* Task statement *
Repeat every record exactly, but keep images out of the copy.

* Data records *
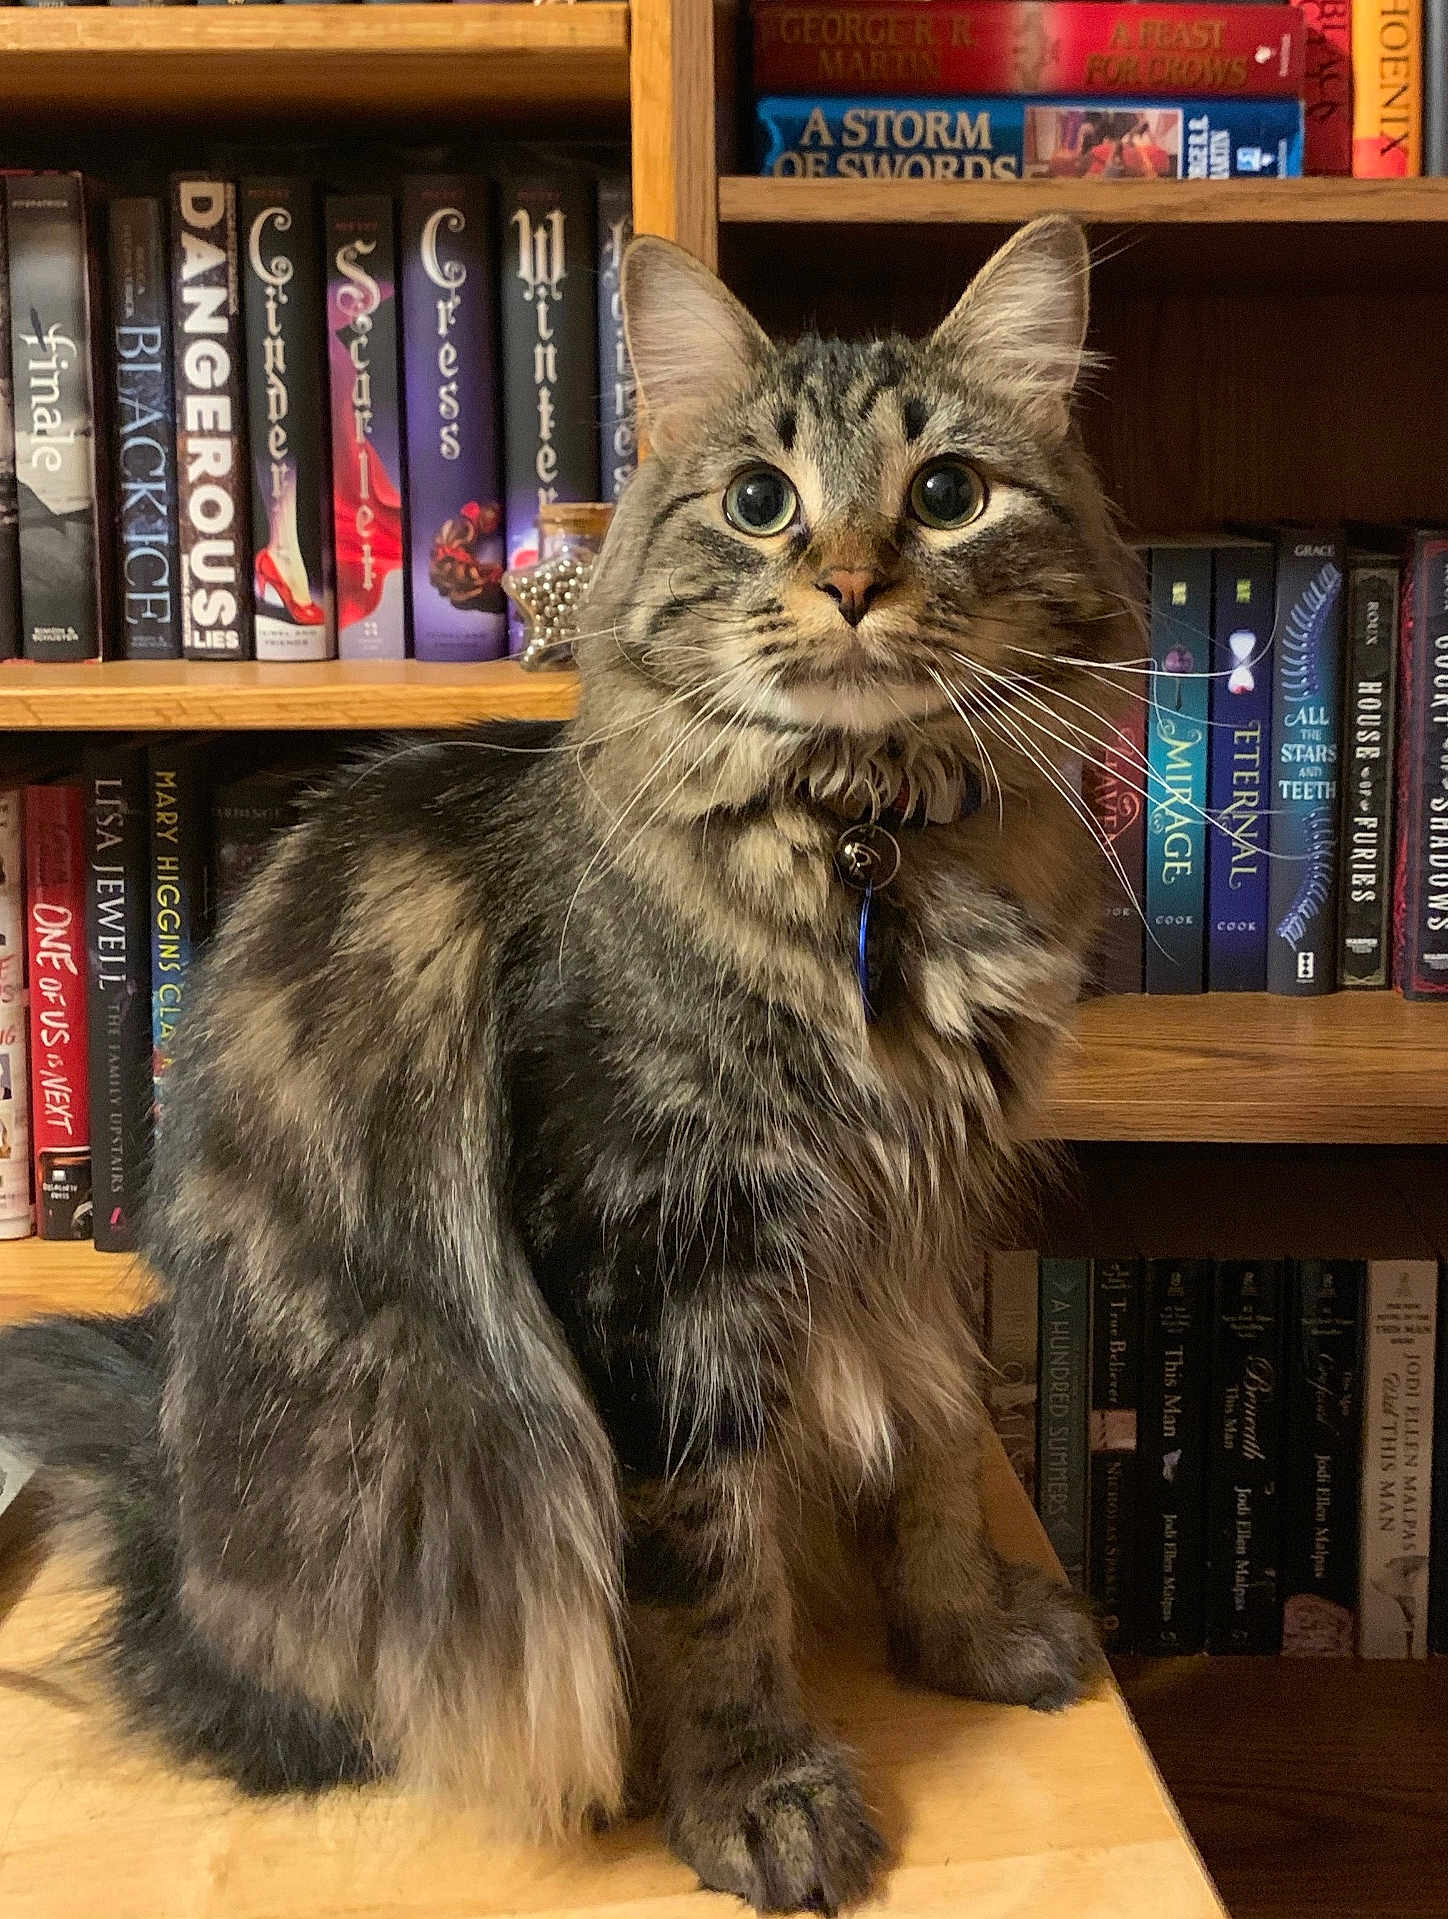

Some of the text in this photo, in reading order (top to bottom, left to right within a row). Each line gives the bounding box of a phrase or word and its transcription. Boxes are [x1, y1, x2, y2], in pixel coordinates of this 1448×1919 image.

[779, 13, 904, 45] GEORGE
[1108, 19, 1224, 49] A FEAST
[818, 48, 940, 81] MARTIN
[1086, 52, 1139, 85] FOR
[1148, 54, 1249, 86] CROWS
[798, 106, 993, 150] A STORM
[773, 152, 1018, 179] OF SWORDS
[248, 206, 294, 500] Cinder
[420, 206, 467, 460] Cress
[510, 208, 568, 506] Winter
[19, 322, 77, 471] finale
[179, 180, 238, 627] DANGEROUS
[335, 239, 381, 591] Scarlet
[193, 629, 240, 649] LIES
[1283, 705, 1331, 728] ALL
[1300, 728, 1322, 740] THE
[1355, 680, 1383, 760] HOUSE
[1280, 743, 1338, 763] STARS
[1299, 766, 1322, 778] AND
[154, 769, 179, 844] MARY
[1152, 719, 1201, 886] MIRAGE
[1220, 720, 1261, 890] ETERNAL
[1278, 779, 1338, 800] TEETH
[92, 778, 127, 991] LISA JEWELL
[1349, 816, 1379, 903] FURIES
[1426, 797, 1448, 932] SHADOWS
[32, 902, 78, 976] ONE
[156, 855, 182, 973] HIGGINS
[1154, 914, 1194, 926] COOK
[1216, 920, 1257, 932] COOK
[39, 976, 67, 1006] OF
[40, 1009, 70, 1048] US
[41, 1070, 75, 1135] NEXT
[108, 1004, 124, 1194] THE FAMILY UPSTAIRS
[1048, 1298, 1070, 1313] A
[1047, 1320, 1072, 1418] HUNDRED
[1163, 1343, 1184, 1387] This
[1161, 1392, 1183, 1438] Man
[1223, 1384, 1240, 1449] This Man
[1239, 1353, 1273, 1460] Beneath
[1313, 1454, 1331, 1480] Jodi
[1381, 1421, 1398, 1472] THIS
[1402, 1351, 1420, 1553] JODI ELLEN MALPAS
[1233, 1485, 1253, 1516] Jodi
[1379, 1480, 1395, 1531] MAN
[1234, 1520, 1252, 1555] Ellen
[1231, 1559, 1251, 1611] Malpas
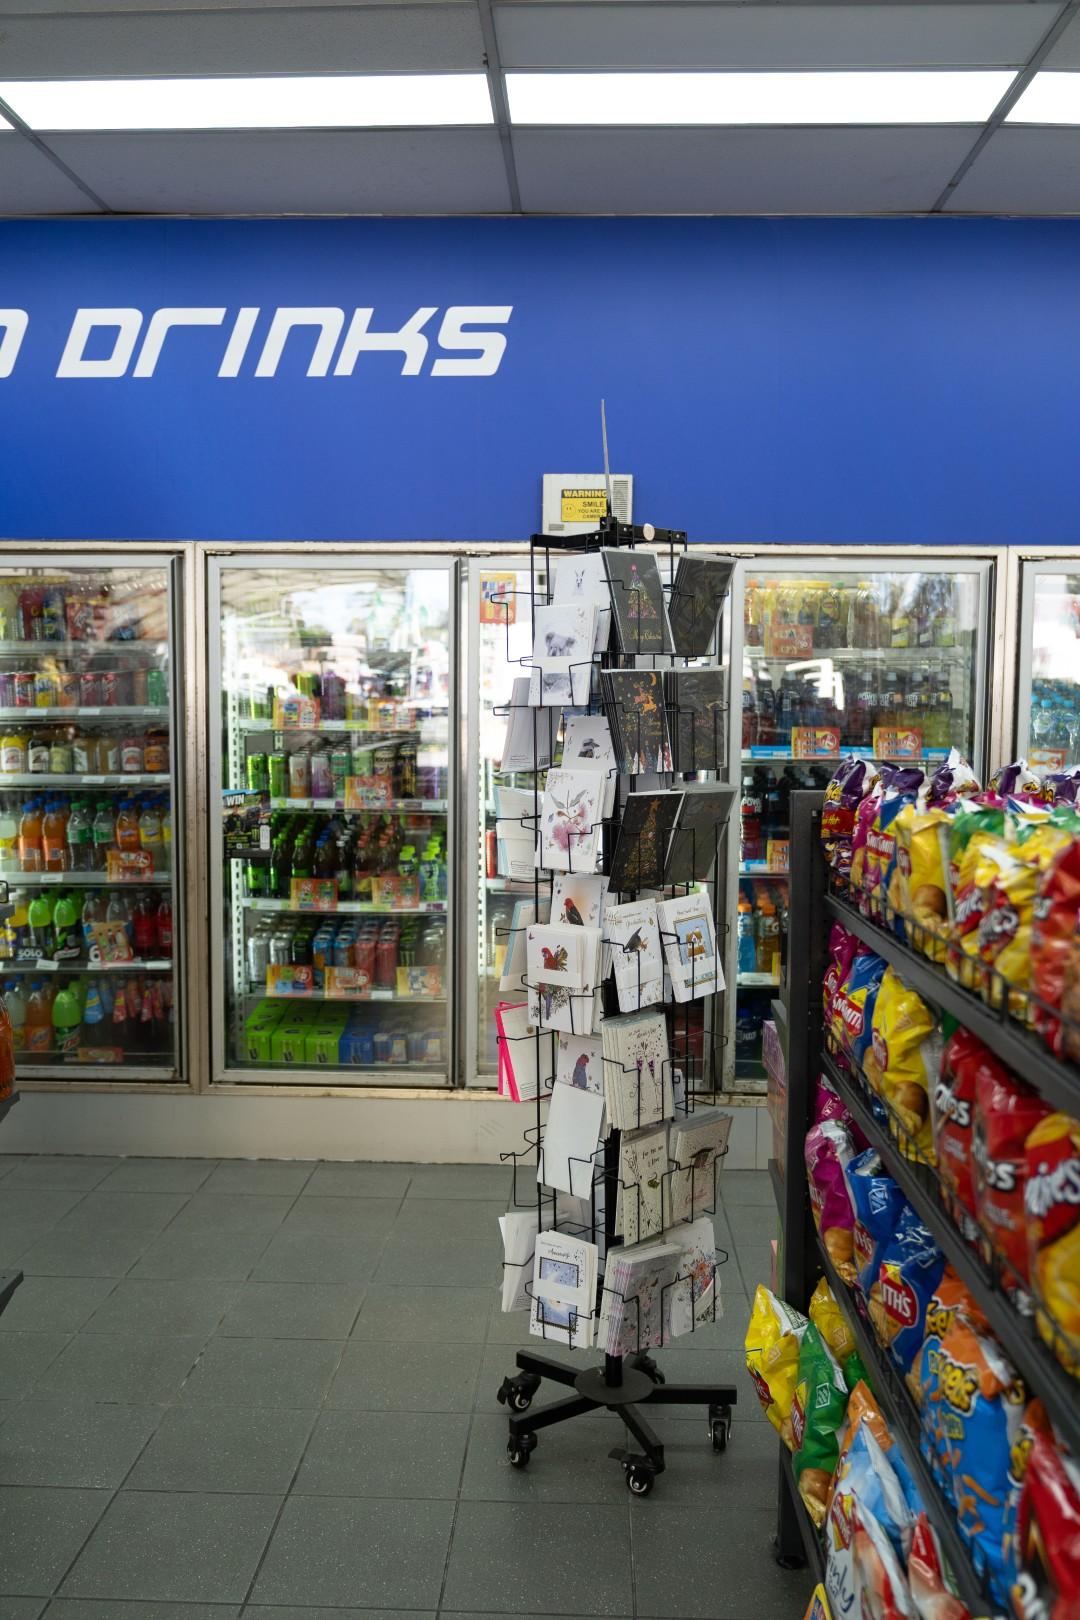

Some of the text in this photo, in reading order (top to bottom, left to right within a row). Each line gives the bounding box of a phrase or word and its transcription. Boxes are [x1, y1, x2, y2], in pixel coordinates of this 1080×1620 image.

* Exercise answer *
Some of the text in this photo, in reading order (top to bottom, left to right within a row). Each line gives the bounding box of a phrase or word and its transcription. Boxes are [x1, y1, x2, y2], in pixel coordinates of this 1448×1919 image.

[779, 13, 904, 45] GEORGE
[1108, 19, 1224, 49] A FEAST
[818, 48, 940, 81] MARTIN
[1086, 52, 1139, 85] FOR
[1148, 54, 1249, 86] CROWS
[798, 106, 993, 150] A STORM
[773, 152, 1018, 179] OF SWORDS
[248, 206, 294, 500] Cinder
[420, 206, 467, 460] Cress
[510, 208, 568, 506] Winter
[19, 322, 77, 471] finale
[179, 180, 238, 627] DANGEROUS
[335, 239, 381, 591] Scarlet
[193, 629, 240, 649] LIES
[1283, 705, 1331, 728] ALL
[1300, 728, 1322, 740] THE
[1355, 680, 1383, 760] HOUSE
[1280, 743, 1338, 763] STARS
[1299, 766, 1322, 778] AND
[154, 769, 179, 844] MARY
[1152, 719, 1201, 886] MIRAGE
[1220, 720, 1261, 890] ETERNAL
[1278, 779, 1338, 800] TEETH
[92, 778, 127, 991] LISA JEWELL
[1349, 816, 1379, 903] FURIES
[1426, 797, 1448, 932] SHADOWS
[32, 902, 78, 976] ONE
[156, 855, 182, 973] HIGGINS
[1154, 914, 1194, 926] COOK
[1216, 920, 1257, 932] COOK
[39, 976, 67, 1006] OF
[40, 1009, 70, 1048] US
[41, 1070, 75, 1135] NEXT
[108, 1004, 124, 1194] THE FAMILY UPSTAIRS
[1048, 1298, 1070, 1313] A
[1047, 1320, 1072, 1418] HUNDRED
[1163, 1343, 1184, 1387] This
[1161, 1392, 1183, 1438] Man
[1223, 1384, 1240, 1449] This Man
[1239, 1353, 1273, 1460] Beneath
[1313, 1454, 1331, 1480] Jodi
[1381, 1421, 1398, 1472] THIS
[1402, 1351, 1420, 1553] JODI ELLEN MALPAS
[1233, 1485, 1253, 1516] Jodi
[1379, 1480, 1395, 1531] MAN
[1234, 1520, 1252, 1555] Ellen
[1231, 1559, 1251, 1611] Malpas

Some of the text in this photo, in reading order (top to bottom, left to right within a row). Each line gives the bounding box of a phrase or word and its transcription. Boxes are [x1, y1, x2, y2], in pixel coordinates of this 1080×1620 image.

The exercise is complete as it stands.